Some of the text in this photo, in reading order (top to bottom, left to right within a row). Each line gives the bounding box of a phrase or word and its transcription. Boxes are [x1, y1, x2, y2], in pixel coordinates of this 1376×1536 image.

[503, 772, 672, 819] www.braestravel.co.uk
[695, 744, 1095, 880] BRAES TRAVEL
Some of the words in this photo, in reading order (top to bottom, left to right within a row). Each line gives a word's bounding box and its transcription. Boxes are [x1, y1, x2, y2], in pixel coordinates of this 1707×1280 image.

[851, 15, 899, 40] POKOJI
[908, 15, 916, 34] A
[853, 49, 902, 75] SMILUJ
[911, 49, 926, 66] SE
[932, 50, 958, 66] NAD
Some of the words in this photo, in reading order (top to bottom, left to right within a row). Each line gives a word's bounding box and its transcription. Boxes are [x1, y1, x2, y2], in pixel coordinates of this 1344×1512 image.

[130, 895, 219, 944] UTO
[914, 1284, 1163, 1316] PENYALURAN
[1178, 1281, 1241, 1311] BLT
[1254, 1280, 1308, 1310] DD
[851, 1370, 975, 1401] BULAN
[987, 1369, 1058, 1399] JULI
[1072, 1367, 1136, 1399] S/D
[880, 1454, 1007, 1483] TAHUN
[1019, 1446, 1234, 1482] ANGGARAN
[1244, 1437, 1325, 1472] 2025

● ● ● ● ● ● ●

> _PROBLEM STATEMENT_: I need exact copies of the lines from the one holding "this 1344×1512 image." through the end of the records above, and nothing beyond them.

> _ANSWER SECTION_:
Some of the words in this photo, in reading order (top to bottom, left to right within a row). Each line gives a word's bounding box and its transcription. Boxes are [x1, y1, x2, y2], in pixel coordinates of this 1344×1512 image.

[130, 895, 219, 944] UTO
[914, 1284, 1163, 1316] PENYALURAN
[1178, 1281, 1241, 1311] BLT
[1254, 1280, 1308, 1310] DD
[851, 1370, 975, 1401] BULAN
[987, 1369, 1058, 1399] JULI
[1072, 1367, 1136, 1399] S/D
[880, 1454, 1007, 1483] TAHUN
[1019, 1446, 1234, 1482] ANGGARAN
[1244, 1437, 1325, 1472] 2025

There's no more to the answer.